(Collection entries)
===

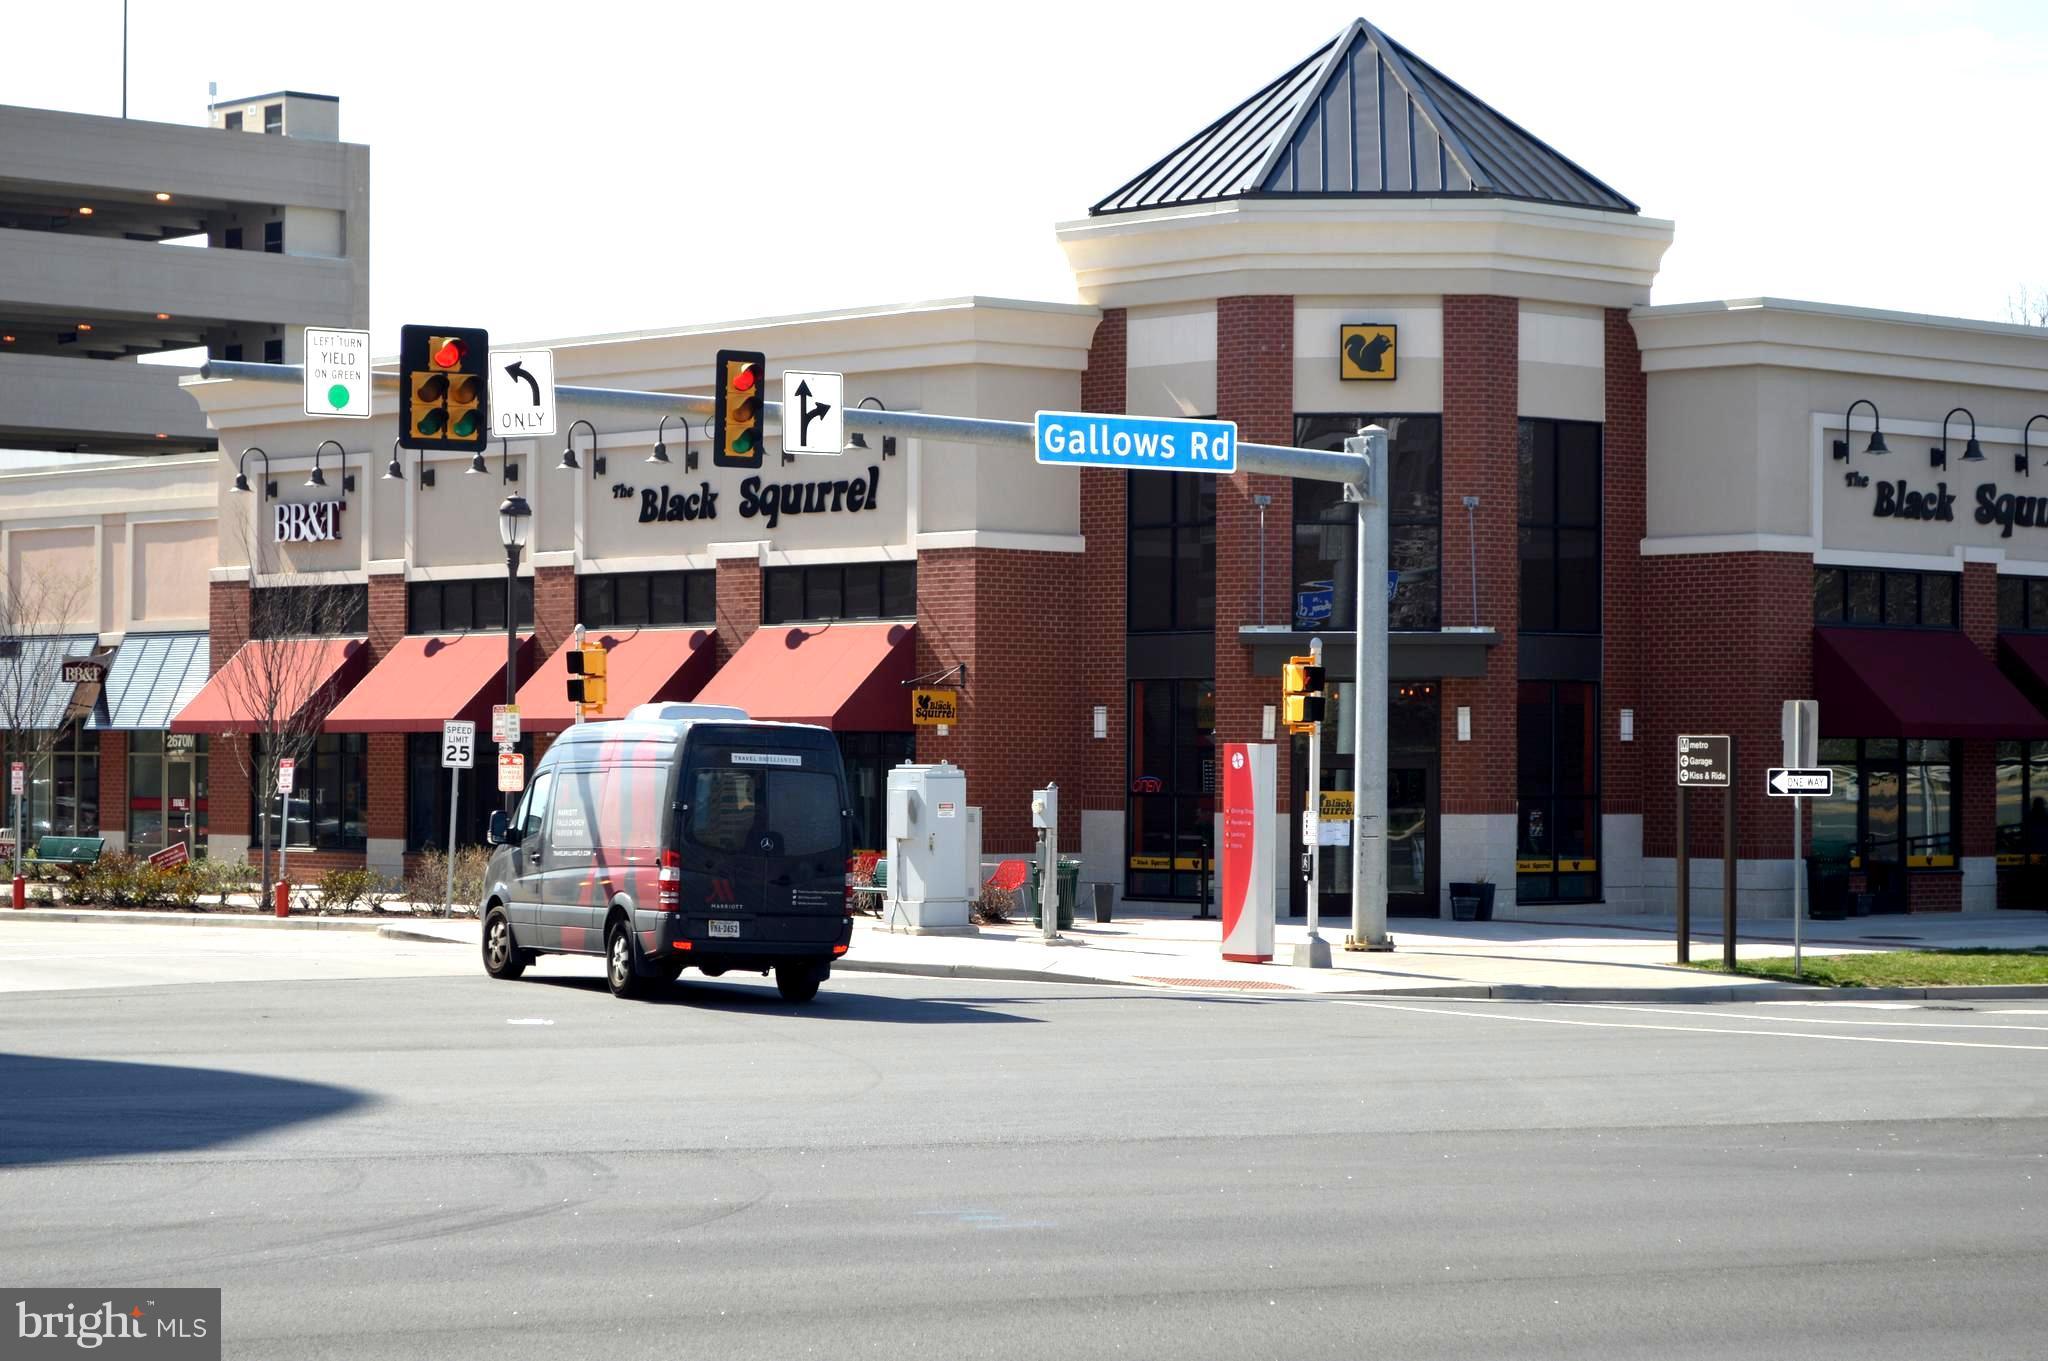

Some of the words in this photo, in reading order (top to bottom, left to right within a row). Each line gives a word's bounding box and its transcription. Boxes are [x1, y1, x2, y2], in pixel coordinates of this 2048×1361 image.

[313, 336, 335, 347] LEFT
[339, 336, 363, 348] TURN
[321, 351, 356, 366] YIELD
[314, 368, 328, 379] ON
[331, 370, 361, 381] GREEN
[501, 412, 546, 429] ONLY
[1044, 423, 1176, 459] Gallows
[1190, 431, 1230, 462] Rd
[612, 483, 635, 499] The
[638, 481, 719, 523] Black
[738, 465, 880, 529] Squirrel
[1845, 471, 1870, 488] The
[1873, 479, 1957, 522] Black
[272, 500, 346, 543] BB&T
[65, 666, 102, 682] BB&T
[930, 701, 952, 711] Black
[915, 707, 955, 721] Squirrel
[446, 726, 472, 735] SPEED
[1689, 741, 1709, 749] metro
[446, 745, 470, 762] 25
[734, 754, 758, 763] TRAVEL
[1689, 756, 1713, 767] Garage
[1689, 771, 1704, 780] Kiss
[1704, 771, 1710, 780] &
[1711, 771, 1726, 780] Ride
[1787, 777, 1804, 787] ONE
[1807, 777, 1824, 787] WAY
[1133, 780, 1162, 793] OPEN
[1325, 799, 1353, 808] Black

===

## TASK REQUIREMENTS
Once the images are removed, print the remaining data exactly as it appears above.

## ANSWER
Some of the words in this photo, in reading order (top to bottom, left to right within a row). Each line gives a word's bounding box and its transcription. Boxes are [x1, y1, x2, y2], in pixel coordinates of this 2048×1361 image.

[313, 336, 335, 347] LEFT
[339, 336, 363, 348] TURN
[321, 351, 356, 366] YIELD
[314, 368, 328, 379] ON
[331, 370, 361, 381] GREEN
[501, 412, 546, 429] ONLY
[1044, 423, 1176, 459] Gallows
[1190, 431, 1230, 462] Rd
[612, 483, 635, 499] The
[638, 481, 719, 523] Black
[738, 465, 880, 529] Squirrel
[1845, 471, 1870, 488] The
[1873, 479, 1957, 522] Black
[272, 500, 346, 543] BB&T
[65, 666, 102, 682] BB&T
[930, 701, 952, 711] Black
[915, 707, 955, 721] Squirrel
[446, 726, 472, 735] SPEED
[1689, 741, 1709, 749] metro
[446, 745, 470, 762] 25
[734, 754, 758, 763] TRAVEL
[1689, 756, 1713, 767] Garage
[1689, 771, 1704, 780] Kiss
[1704, 771, 1710, 780] &
[1711, 771, 1726, 780] Ride
[1787, 777, 1804, 787] ONE
[1807, 777, 1824, 787] WAY
[1133, 780, 1162, 793] OPEN
[1325, 799, 1353, 808] Black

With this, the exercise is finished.